Вы находитесь на странице: 1из 1

1279. JG Summit Holdings Inc. vs. CA G.R. No.

124293, November 20, 2000


FACTS:
The National Investment and Development Corporation (NIDC), a government corporation, entered into a
Joint Venture Agreement (JVA) with Kawasaki Heavy Industries, Ltd. for the construction, operation and
management of the Subic National Shipyard, Inc., later became the Philippine Shipyard and Engineering
Corporation (PHILSECO). Under the JVA, NIDC and Kawasaki would maintain a shareholding proportion
of 60%-40% and that the parties have the right of first refusal in case of a sale.
Through a series of transfers, NIDCs rights, title and interest in PHILSECO eventually went to the
National Government. In the interest of national economy, it was decided that PHILSECO should be
privatized by selling 87.67% of its total outstanding capital stock to private entities. After negotiations, it
was agreed that Kawasakis right of first refusal under the JVA be exchanged for the right to top by five
percent the highest bid for said shares. Kawasaki that Philyards Holdings, Inc. (PHI), in which it was a
stockholder, would exercise this right in its stead.
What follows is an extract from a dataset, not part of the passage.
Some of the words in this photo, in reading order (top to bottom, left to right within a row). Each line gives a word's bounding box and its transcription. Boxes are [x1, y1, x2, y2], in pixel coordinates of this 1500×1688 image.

During bidding, Kawasaki/PHI Consortium is the losing bidder. Even so, because of the right to top by 5%
percent the highest bid, it was able to top JG Summits bid. JG Summit protested, contending that
PHILSECO, as a shipyard is a public utility and, hence, must observe the 60%-40% Filipino-foreign
capitalization. By buying 87.67% of PHILSECOs capital stock at bidding, Kawasaki/PHI in effect now
owns more than 40% of the stock.
ISSUE:
* Whether or not Kawasaki/PHI can purchase beyond 40% of PHILSECOs stocks
HELD:
In arguing that PHILSECO, as a shipyard, was a public utility, JG Summit relied on sec. 13, CA No. 146.
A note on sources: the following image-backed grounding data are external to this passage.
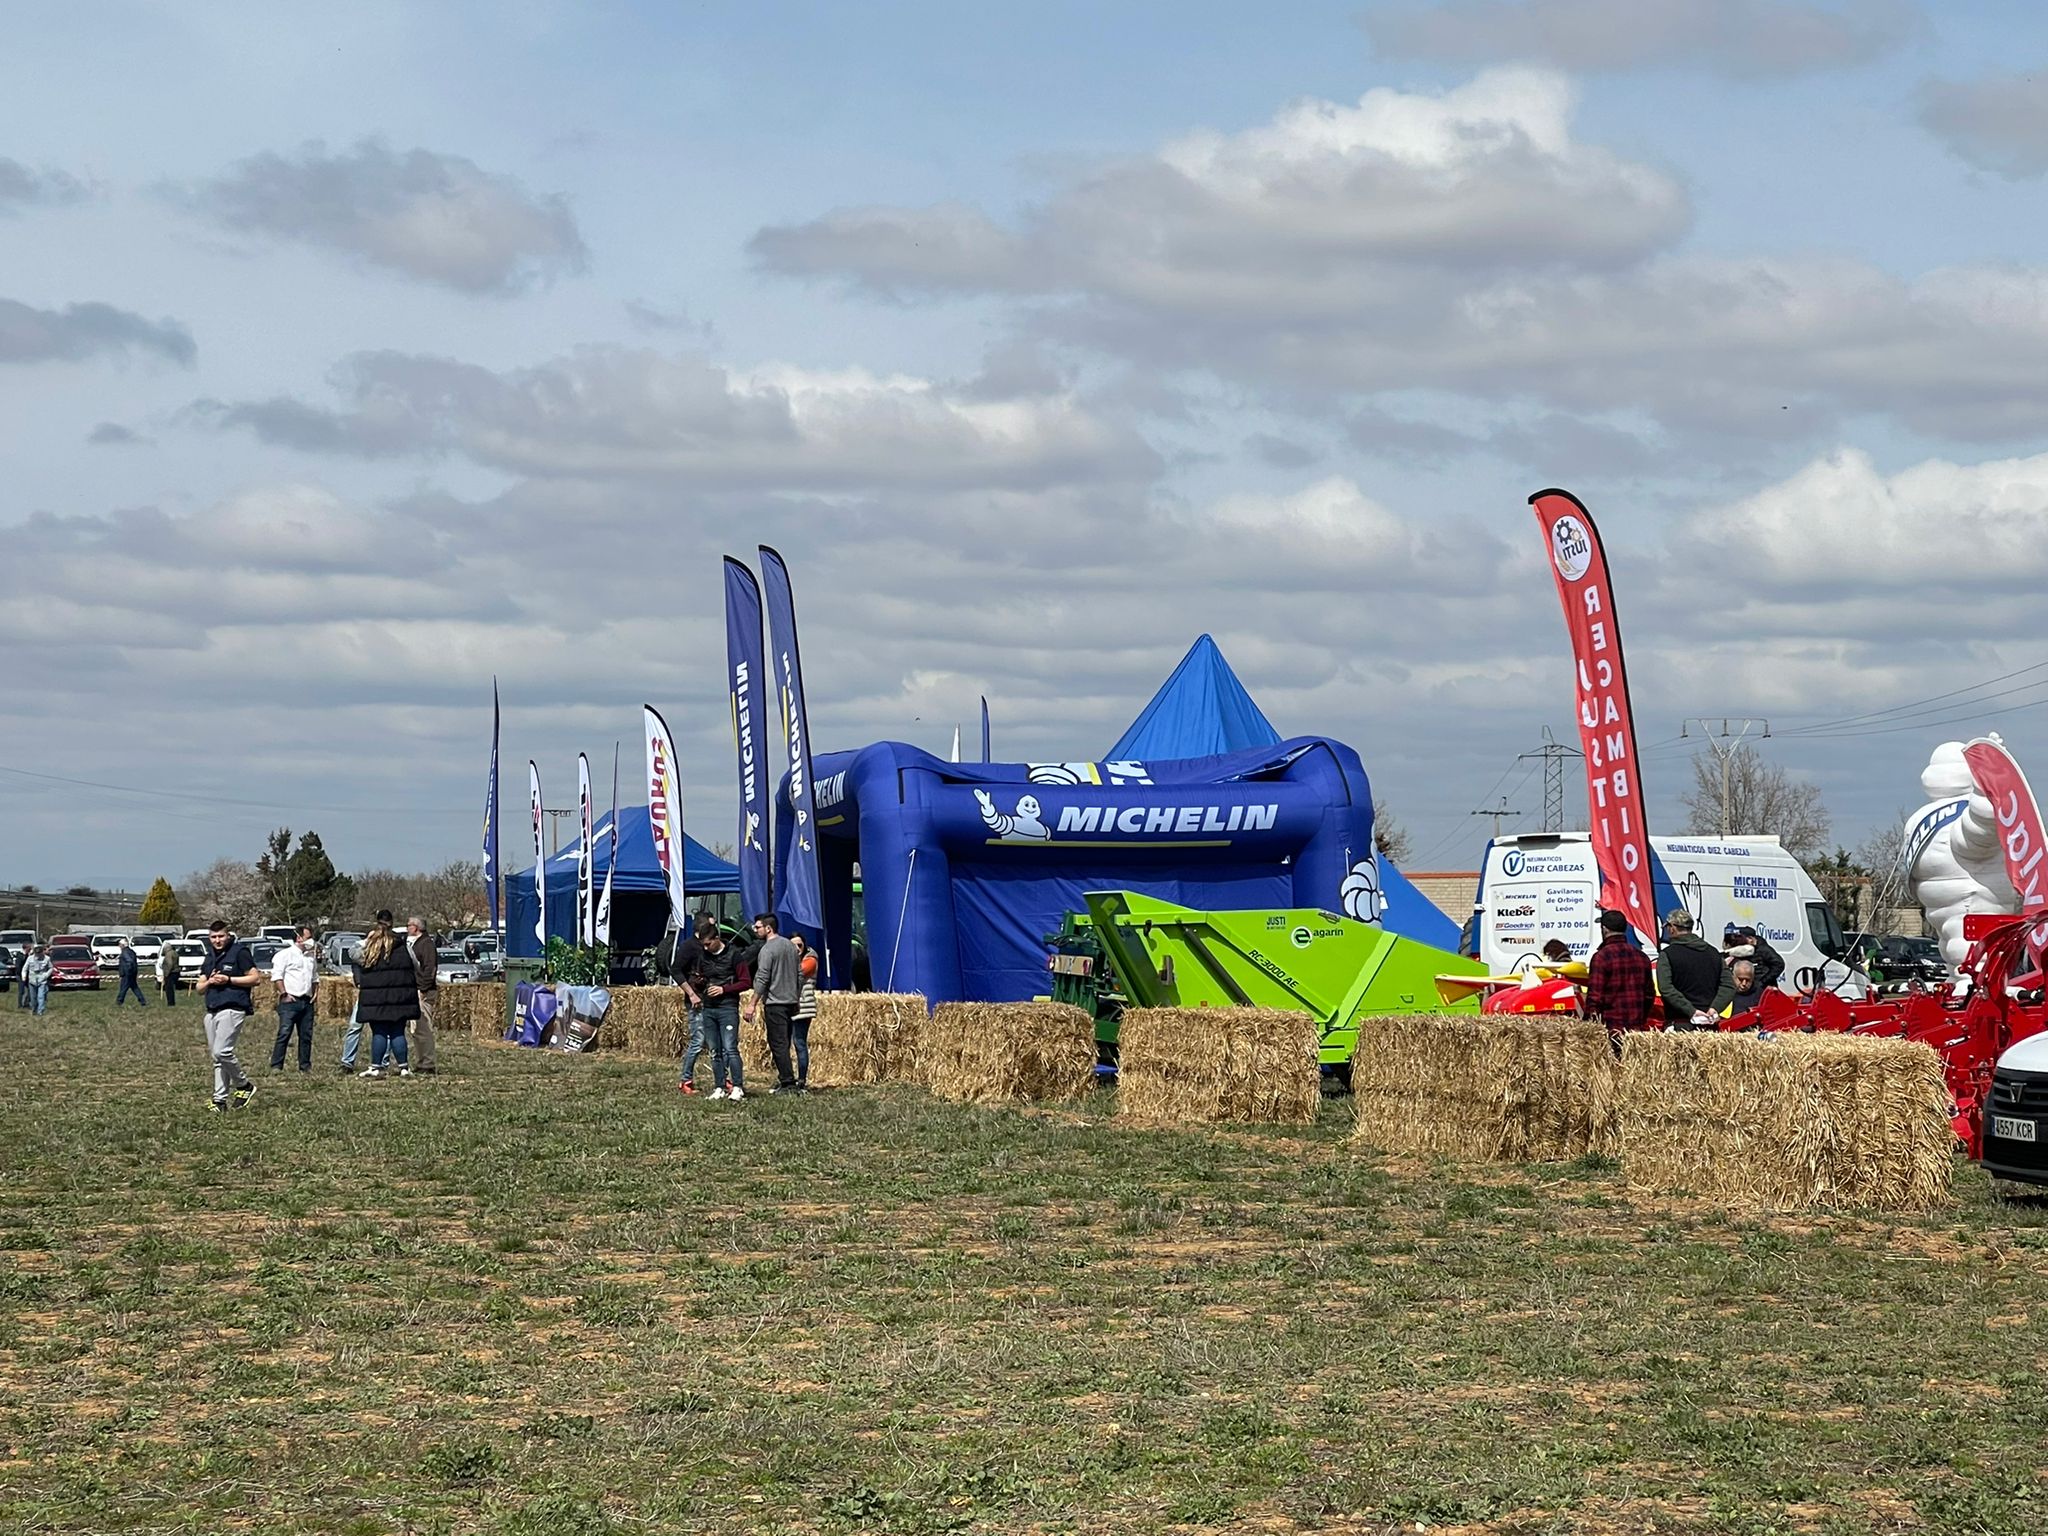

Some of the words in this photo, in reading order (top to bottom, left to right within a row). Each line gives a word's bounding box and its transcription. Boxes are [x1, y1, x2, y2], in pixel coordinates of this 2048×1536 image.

[814, 770, 846, 809] HELIN
[1057, 804, 1279, 832] MICHELIN
[1707, 846, 1721, 855] DIEZ
[1724, 847, 1750, 856] CABEZAS
[1526, 865, 1545, 873] DIEZ
[1547, 864, 1585, 872] CABEZAS
[1734, 876, 1777, 887] MICHELIN
[1734, 889, 1777, 899] EXELAGRI
[1497, 908, 1535, 916] Kleber
[1266, 916, 1286, 925] JUSTI
[1313, 928, 1344, 938] agarin
[1249, 949, 1286, 978] RC-3000
[1283, 976, 1299, 988] AE
[2016, 1122, 2033, 1139] KCR
On the other hand, Kawasaki/PHI argued that PD No. 666 explicitly stated that a shipyard was not a
public utility. But the SC stated that sec. 1 of PD No. 666 was expressly repealed by sec. 20, BP Blg.
391 and when BP Blg. 391 was subsequently repealed by EO 226, the latter law did not revive sec. 1 of
PD No. 666. Therefore, the law that states that a shipyard is a public utility still stands.
A shipyard such as PHILSECO being a public utility as provided by law is therefore required to comply
with the 60%-40% capitalization under the Constitution. Likewise, the JVA between NIDC and Kawasaki
manifests an intention of the parties to abide by this constitutional mandate. Thus, under the JVA, should
the NIDC opt to sell its shares of stock to a third party, Kawasaki could only exercise its right of first
refusal to the extent that its total shares of stock would not exceed 40% of the entire shares of stock. The
NIDC, on the other hand, may purchase even beyond 60% of the total shares. As a government
corporation and necessarily a 100% Filipino-owned corporation, there is nothing to prevent its purchase of
stocks even beyond 60% of the capitalization as the Constitution clearly limits only foreign capitalization.
Kawasaki was bound by its contractual obligation under the JVA that limits its right of first refusal to 40%
of the total capitalization of PHILSECO. Thus, Kawasaki cannot purchase beyond 40% of the
capitalization of the joint venture on account of both constitutional and contractual proscriptions.